### Your objective
Locate the line containing "this 2212×1659 image.", then please write out that line and all the lines below it in the entries exactly.

Dataset entries:
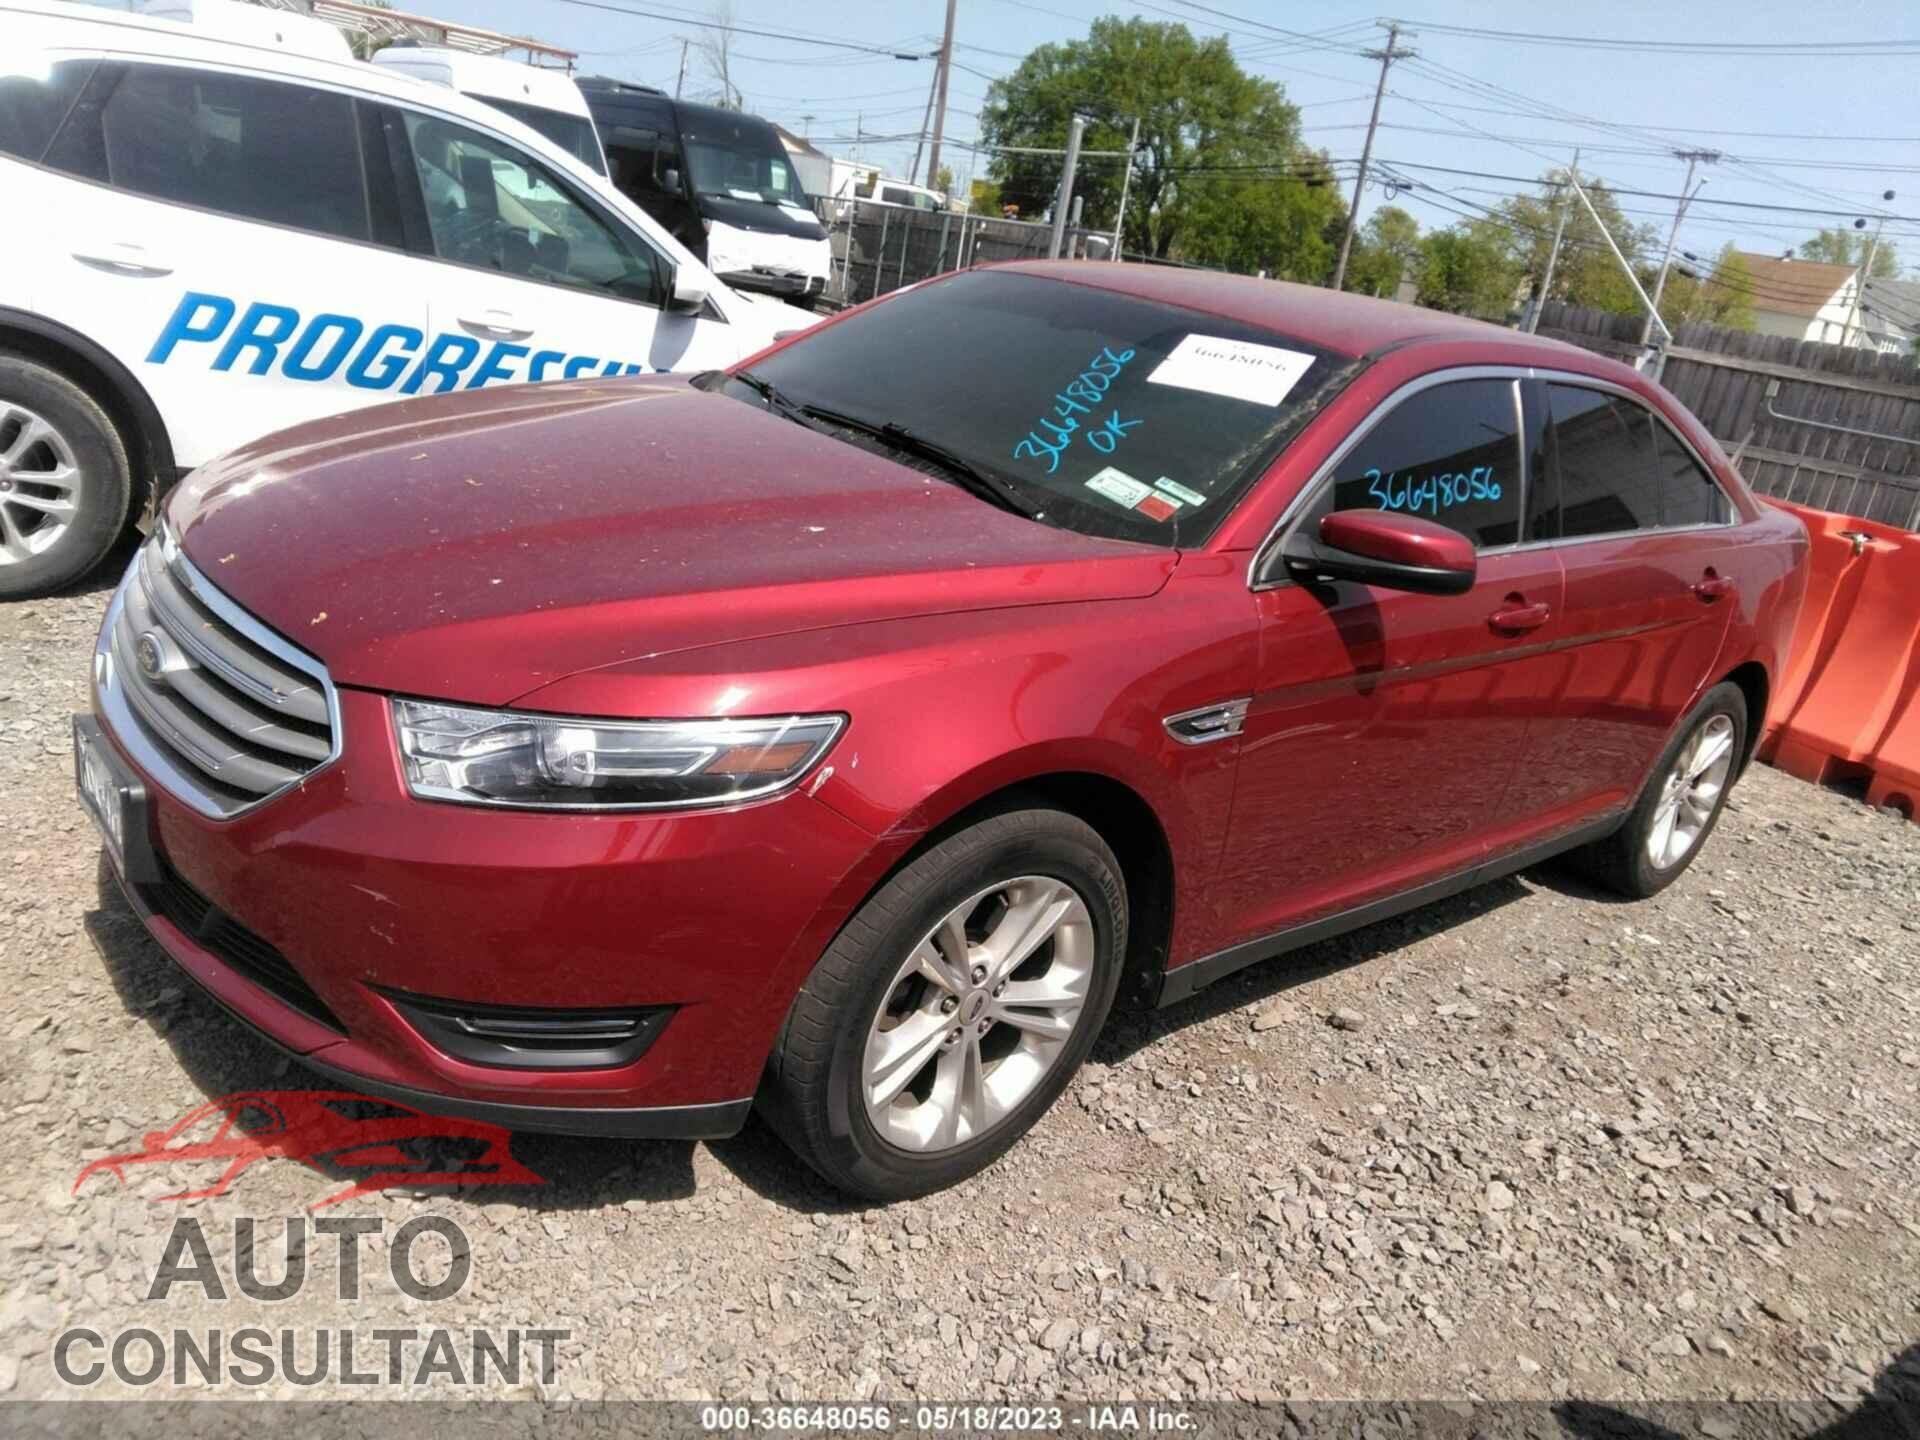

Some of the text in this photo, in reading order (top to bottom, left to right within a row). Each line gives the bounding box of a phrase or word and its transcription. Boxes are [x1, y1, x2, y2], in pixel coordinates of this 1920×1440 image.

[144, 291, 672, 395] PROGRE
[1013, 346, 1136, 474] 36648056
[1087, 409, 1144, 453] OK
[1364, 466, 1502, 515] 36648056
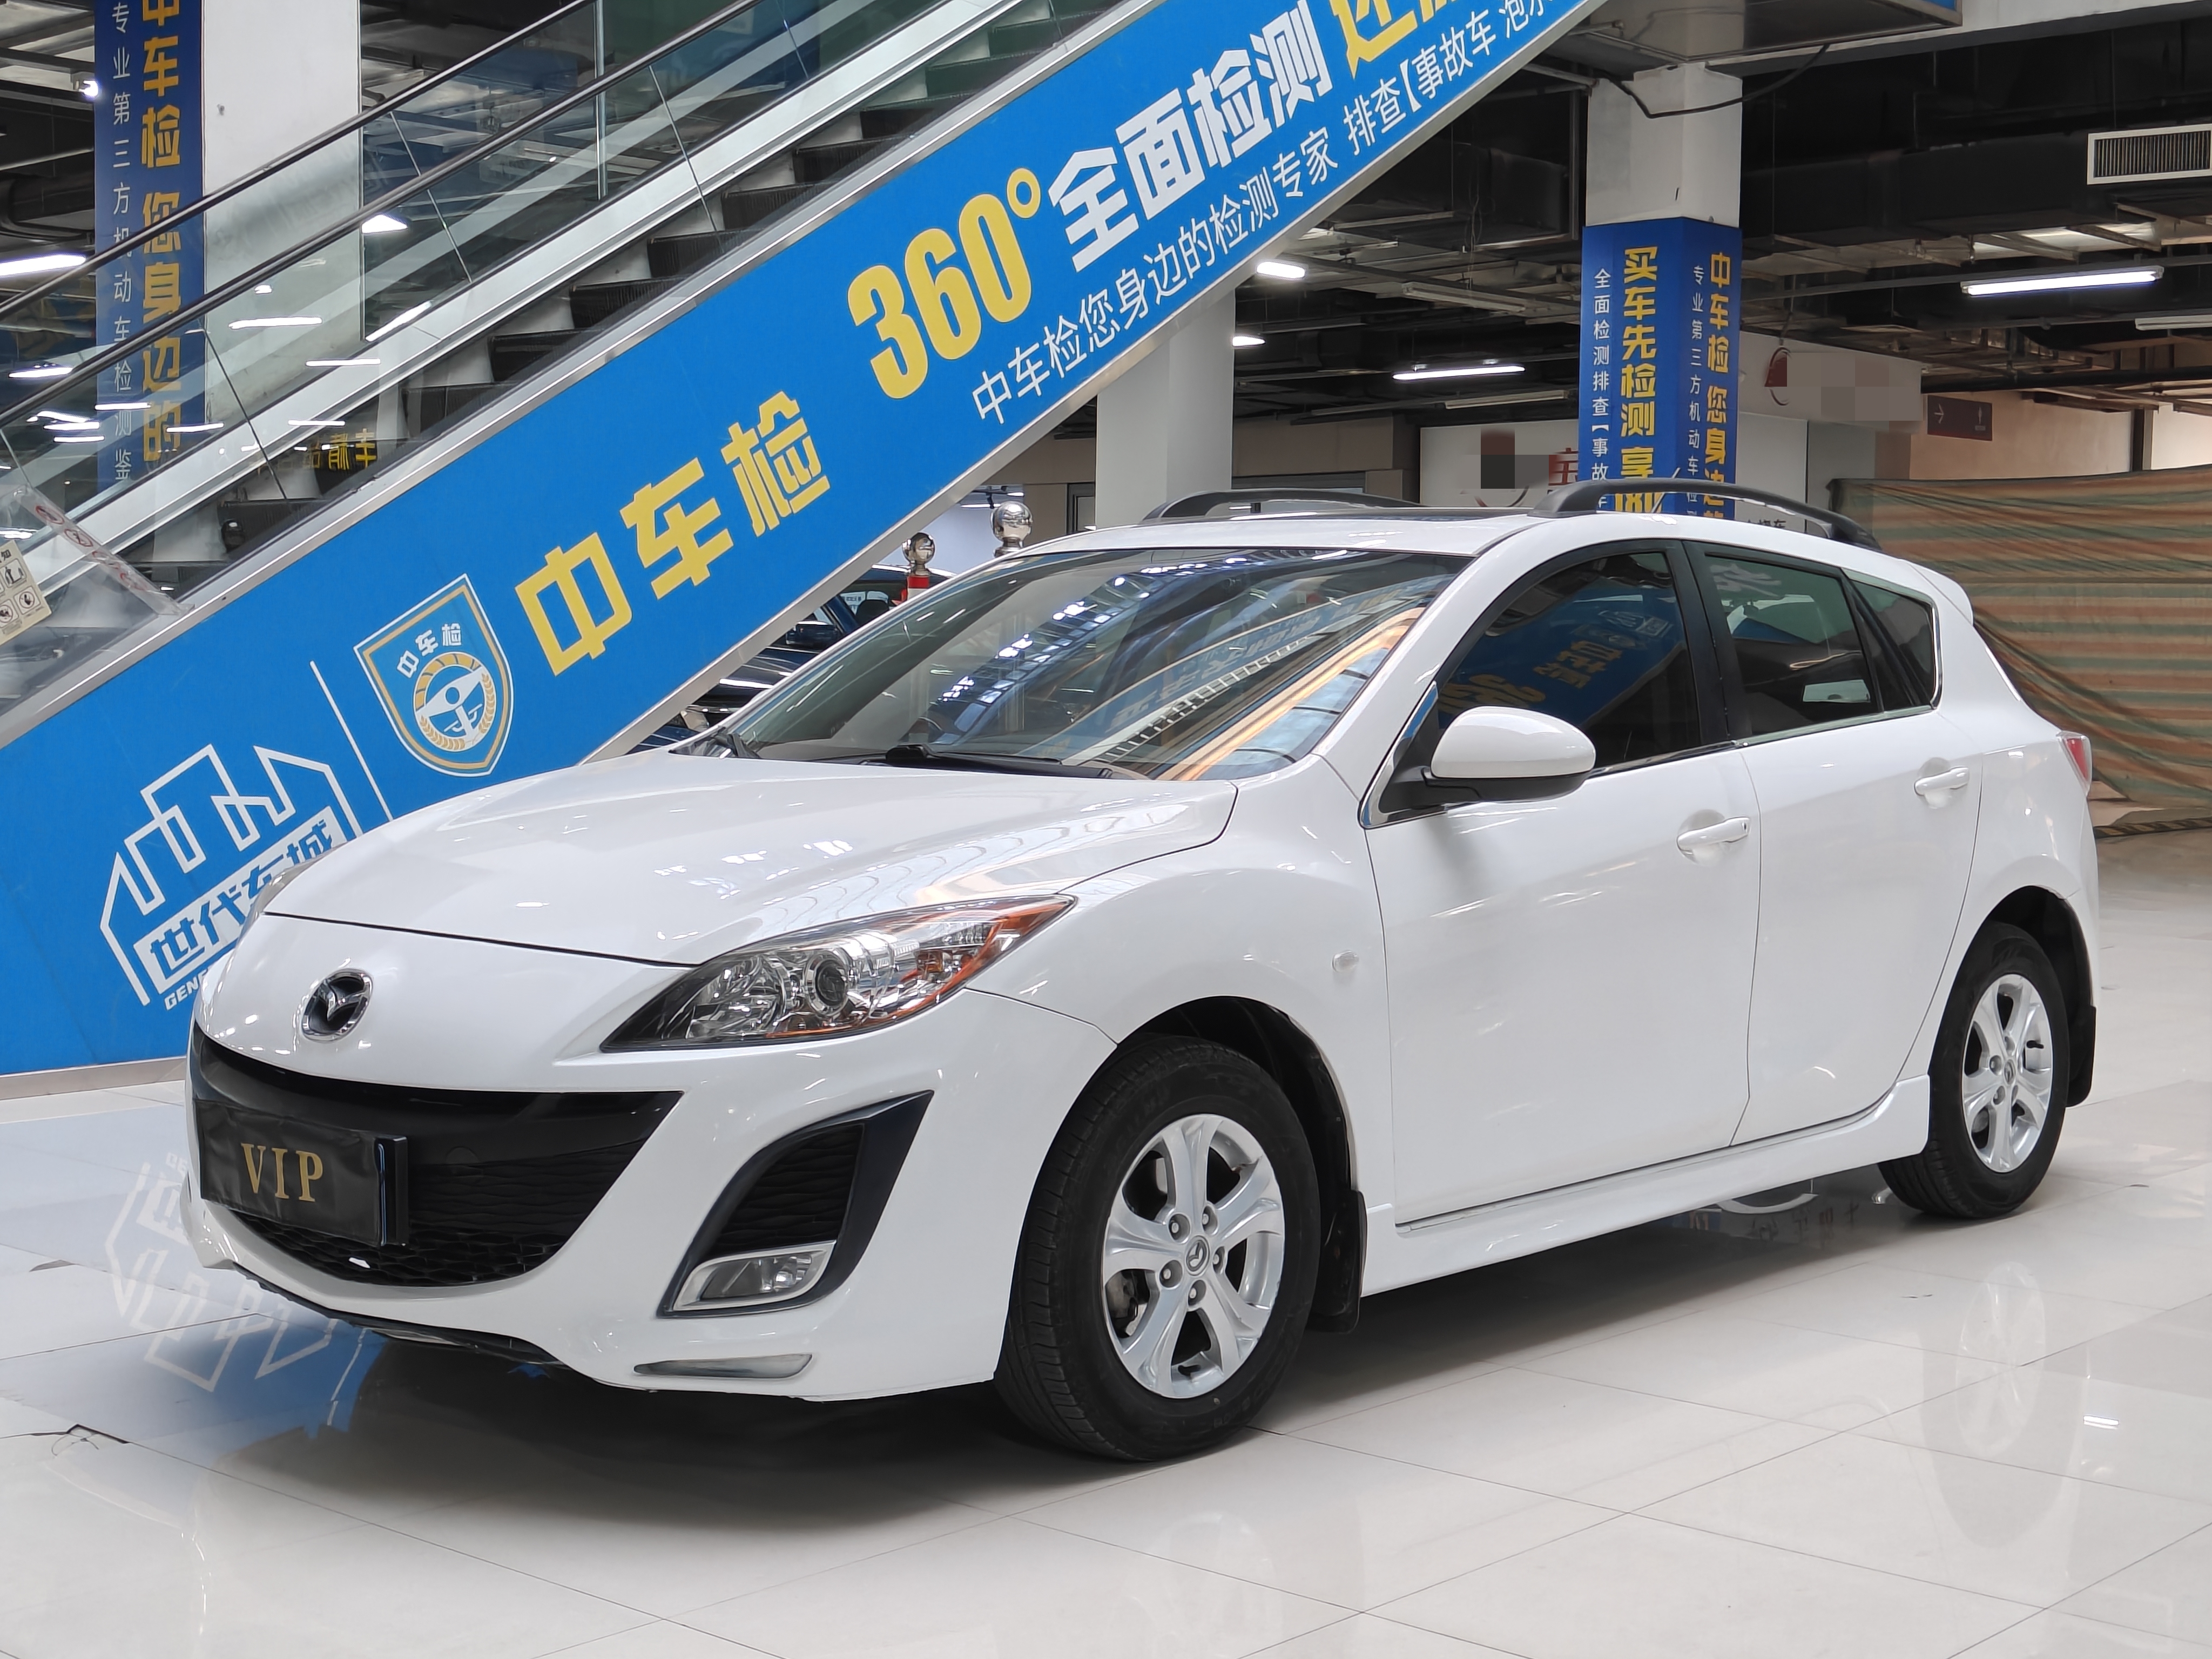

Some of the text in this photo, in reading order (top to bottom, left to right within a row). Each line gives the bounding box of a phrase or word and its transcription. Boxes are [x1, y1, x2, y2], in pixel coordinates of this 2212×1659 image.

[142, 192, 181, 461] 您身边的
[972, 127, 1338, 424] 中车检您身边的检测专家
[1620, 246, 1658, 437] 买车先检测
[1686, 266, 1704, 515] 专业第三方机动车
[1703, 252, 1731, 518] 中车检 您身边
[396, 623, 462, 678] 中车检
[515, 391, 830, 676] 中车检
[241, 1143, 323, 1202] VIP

### Response to the exercise
Some of the text in this photo, in reading order (top to bottom, left to right within a row). Each line gives the bounding box of a phrase or word and its transcription. Boxes are [x1, y1, x2, y2], in pixel coordinates of this 2212×1659 image.

[142, 192, 181, 461] 您身边的
[972, 127, 1338, 424] 中车检您身边的检测专家
[1620, 246, 1658, 437] 买车先检测
[1686, 266, 1704, 515] 专业第三方机动车
[1703, 252, 1731, 518] 中车检 您身边
[396, 623, 462, 678] 中车检
[515, 391, 830, 676] 中车检
[241, 1143, 323, 1202] VIP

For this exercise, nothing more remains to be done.